---- Given records
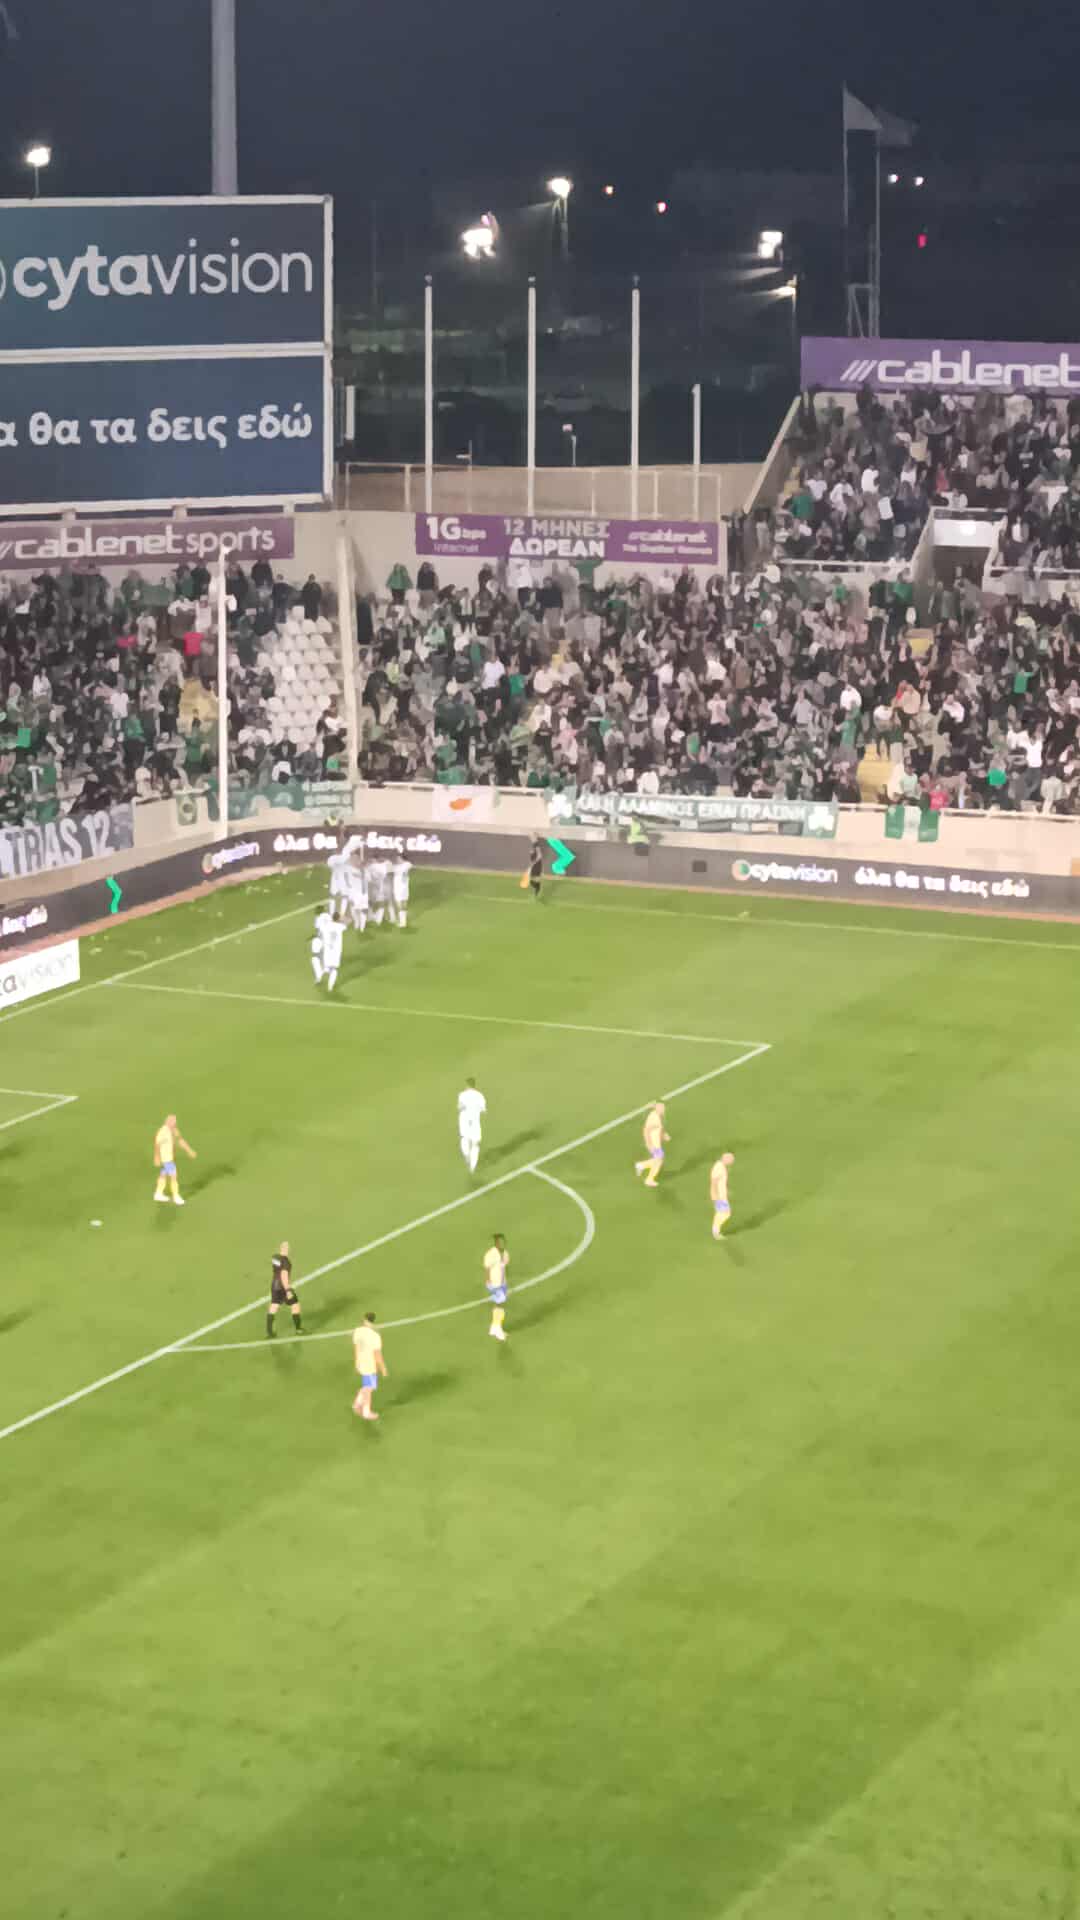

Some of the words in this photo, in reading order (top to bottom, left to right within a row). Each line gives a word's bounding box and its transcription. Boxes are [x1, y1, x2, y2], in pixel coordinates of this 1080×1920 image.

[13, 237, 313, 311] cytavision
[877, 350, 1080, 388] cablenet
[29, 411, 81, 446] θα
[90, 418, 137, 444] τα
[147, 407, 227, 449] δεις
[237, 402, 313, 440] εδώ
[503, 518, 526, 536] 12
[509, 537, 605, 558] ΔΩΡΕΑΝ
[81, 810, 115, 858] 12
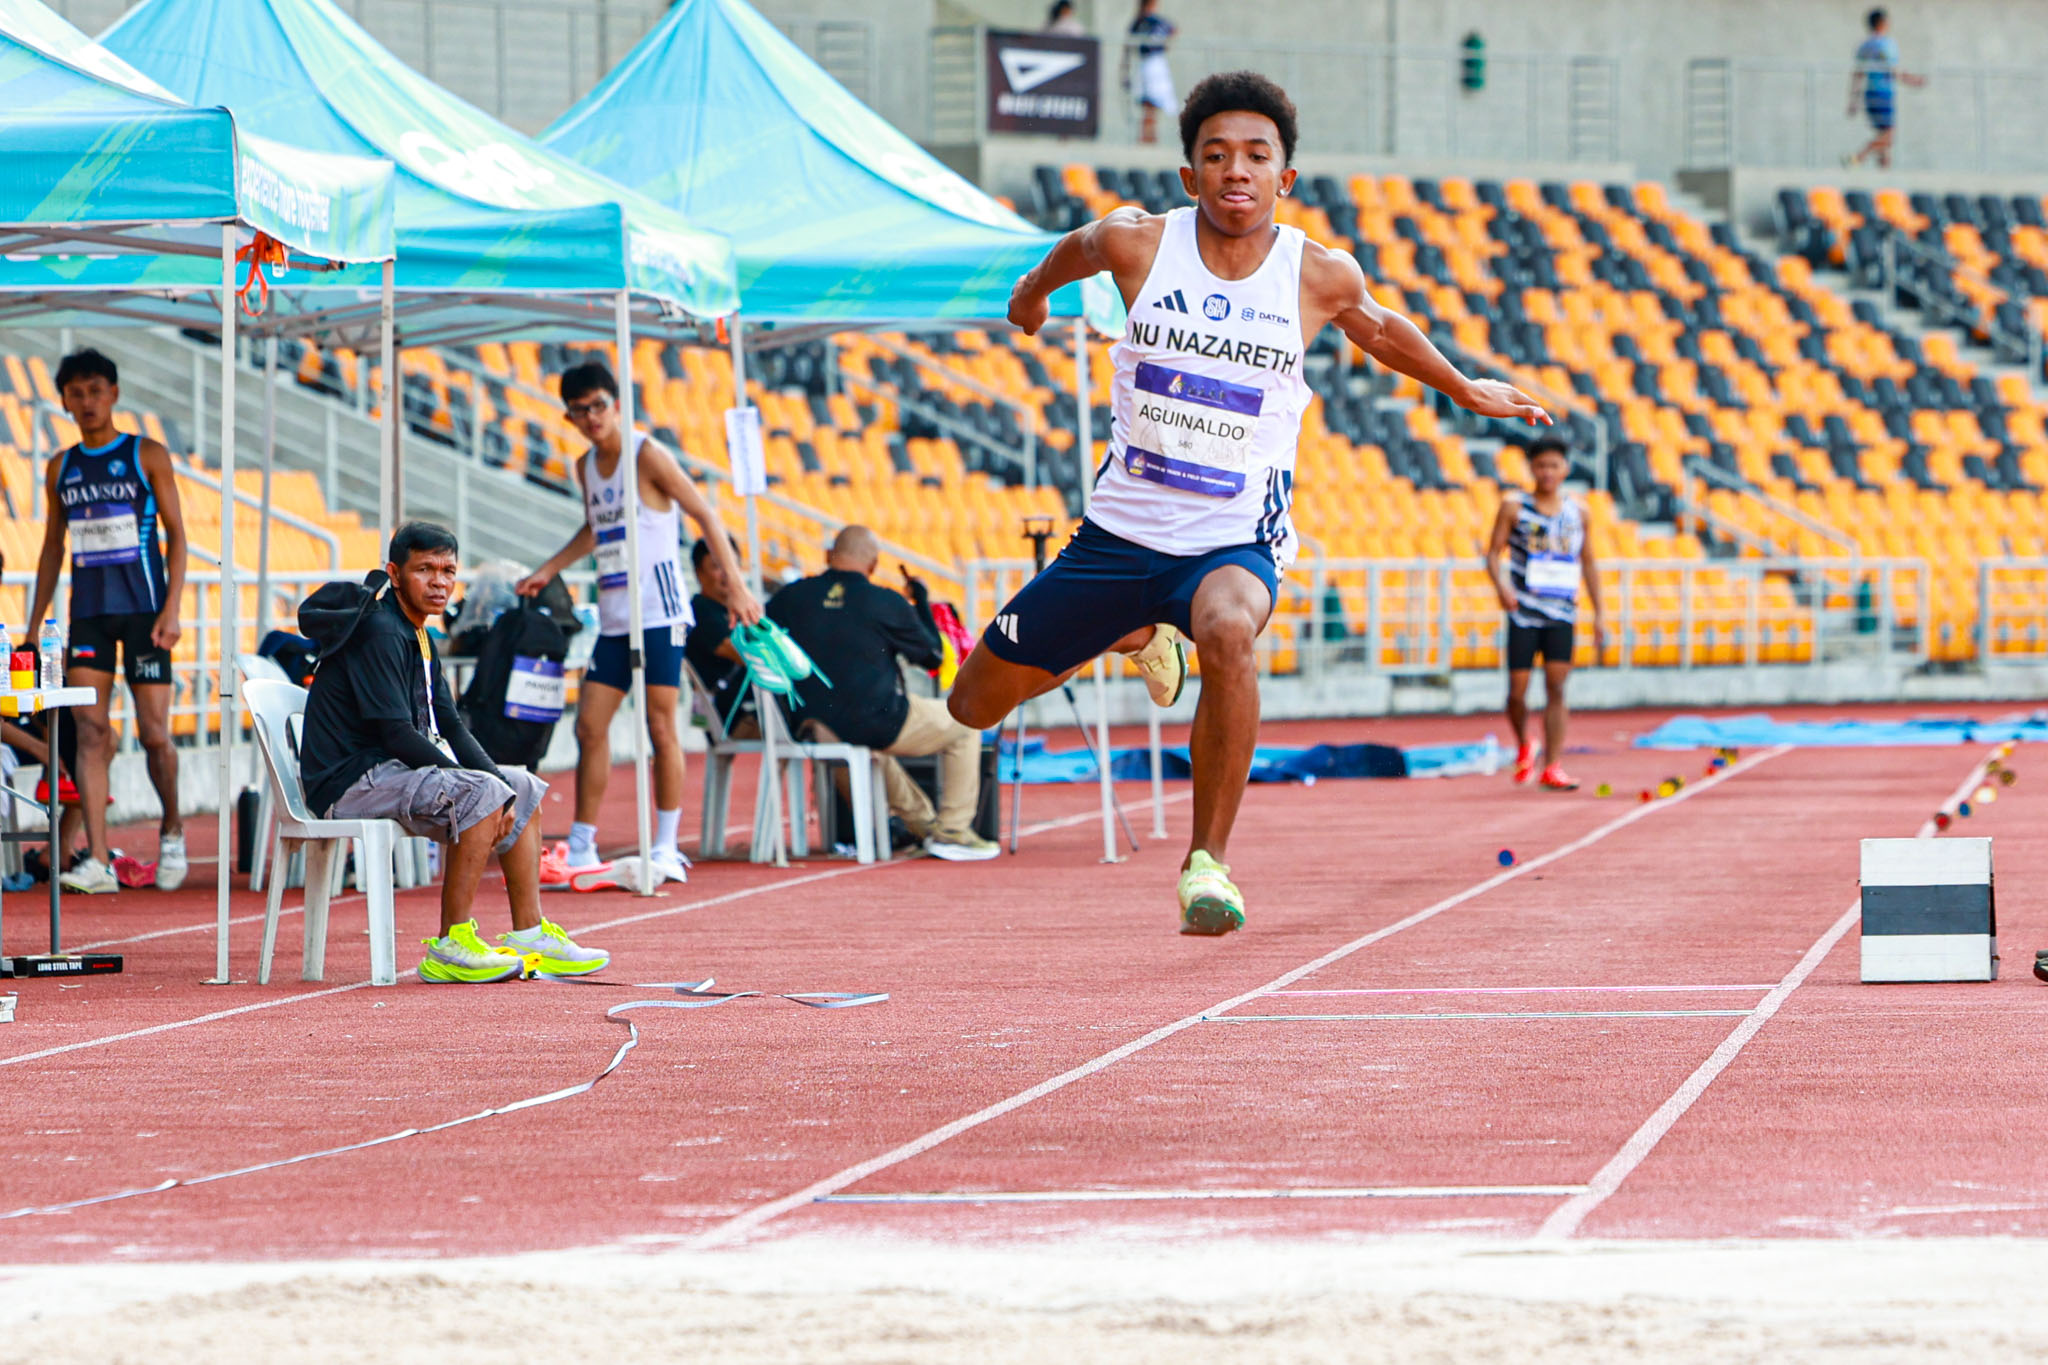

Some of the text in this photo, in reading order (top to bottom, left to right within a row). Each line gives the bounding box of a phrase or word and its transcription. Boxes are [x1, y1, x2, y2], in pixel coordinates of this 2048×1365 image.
--------
Copy the records exactly. Skip any pictures.

Some of the words in this photo, in reading order (top to bottom, left to right within a row). Each line gives a word's bounding box and its transcription. Boxes are [x1, y1, x2, y2], in pixel coordinates of this 1080×1920 image.

[13, 237, 313, 311] cytavision
[877, 350, 1080, 388] cablenet
[29, 411, 81, 446] θα
[90, 418, 137, 444] τα
[147, 407, 227, 449] δεις
[237, 402, 313, 440] εδώ
[503, 518, 526, 536] 12
[509, 537, 605, 558] ΔΩΡΕΑΝ
[81, 810, 115, 858] 12

Some of the text in this photo, in reading order (top to bottom, left to right within a row). Each line gives the bounding box of a phrase or word and its transcription. Boxes are [x1, y1, x2, y2], in pixel coordinates of this 2048×1365 image.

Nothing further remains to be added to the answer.